Esses dias, conversando com Alexandre Domingues, um grande radialista e diretor da Paraná Oficial, ele me disse que política é ideologia, não apenas um posicionamento entre esquerda e direita. E eu concordo com ele, porque o que se faz hoje não é discutir ideologia, posicionamento ou concepção de Estado, mas sim rotular se alguém é de esquerda ou de direita.
Quando falávamos sobre o PFL (Partido da Frente Liberal), esse partido tinha uma concepção ideológica clara sobre o papel do Estado na geração de riqueza. Defendia a ideia de um Estado mínimo e a necessidade de privatização de estatais. Do outro lado, você tinha uma política mais fluida no PMDB, que reunia liberais, conservadores e progressistas, fazendo um jogo político complexo. E, à esquerda, estavam partidos como PT, PDT e PSB, que defendiam o Estado como indutor da economia e gerador de empregos, com uma concepção ideológica forte sobre o papel do Estado na formação da sociedade.
E era isso que se discutia. Agora, não. Agora, o posicionamento se resume a polêmicas vazias, como a opinião da Anitta, notas de repúdio aqui e ali, e quem bateu em quem. Como disse em outro texto, é “pau, polícia e cacete”. Mas não se trata de debater a concepção do Estado ou a privatização da COPEL e da SANEPAR, que o governador Ratinho Júnior implementou sem gerar grande impacto político.
Não se quer discutir, por exemplo, o fato de que os professores do estado do Paraná, que mal têm tempo de planejar uma aula ou organizar sua semana de trabalho, estão sendo acusados de doutrinar as escolas com uma formação esquerdista. Isso é tudo balela. Mas o currículo escolar, que deveria ser a verdadeira pauta de discussão, não é abordado. O que se discute agora é um posicionamento ideológico sobre a sociedade, enquanto a economia fica de lado. Como já disse antes, o "polite like" continua imperando no Brasil.
Agora você me pergunta: “Mas Luan, tem saída para essa situação?” Eu vejo que a única saída é fomentar, não a volta do debate ideológico da década de 90, mas a volta de uma verdadeira concepção do que é política. A verdadeira política se faz no debate entre os diferentes, com base em argumentos sólidos. É claro que é dificílimo competir com o TikTok, que é muito mais efetivo na narrativa de um texto, muitas vezes denso e complexo. Mas ainda assim, a concepção e a realidade imperam.
Vocês podem não gostar, mas até a leitura marxiana sobre a sociedade ainda impera até hoje: a divisão de classes, a concepção do Estado e a Revolução do Proletariado. Isso ainda faz parte da realidade brasileira.

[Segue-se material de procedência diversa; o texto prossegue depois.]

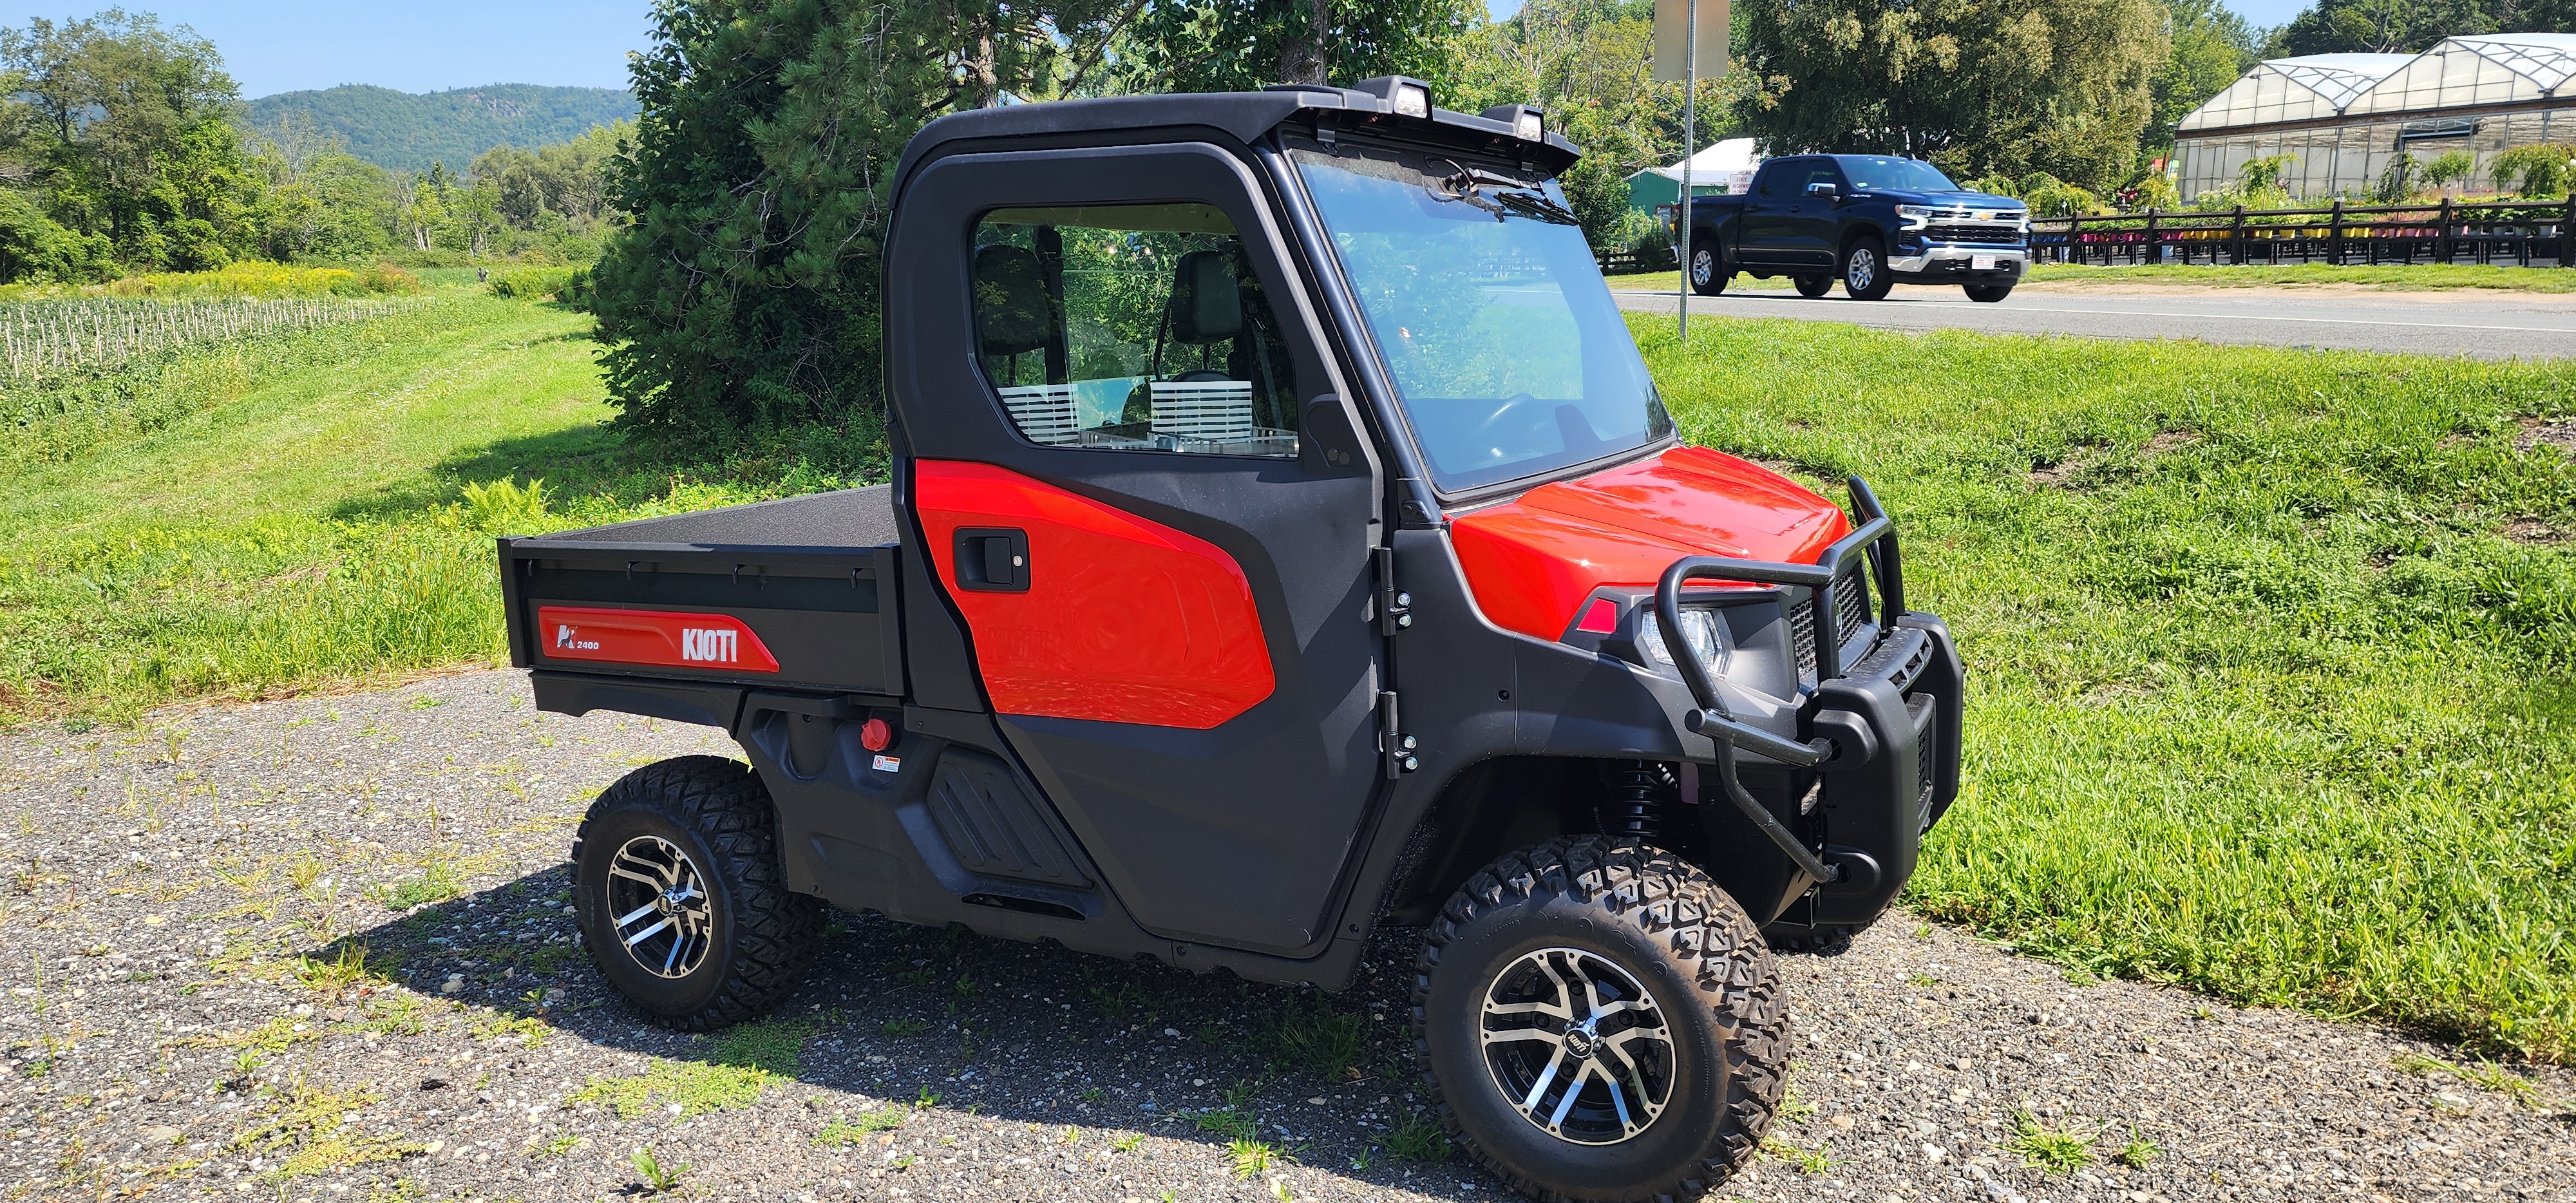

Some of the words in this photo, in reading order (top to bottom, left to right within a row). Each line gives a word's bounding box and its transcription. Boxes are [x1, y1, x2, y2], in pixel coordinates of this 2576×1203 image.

[577, 641, 599, 650] 2400
[683, 629, 737, 662] KIOTI
[1567, 1034, 1590, 1052] KIOTI

Não estou pedindo para que os liberais, conservadores leiam Marx. Mas estou pedindo para que os liberais, os progressistas e os conservadores entendam que política não é sobre quantos likes você tem no Instagram. Política é sobre o que você pode melhorar na vida das pessoas. Isso é política de verdade.
E só haverá uma concepção real da realidade se tivermos a capacidade e a humildade de entender que esse debate de esquerda e direita, Bolsonaro e Lula, é ridículo, frívolo, pequeno e insignificante diante da realidade brasileira.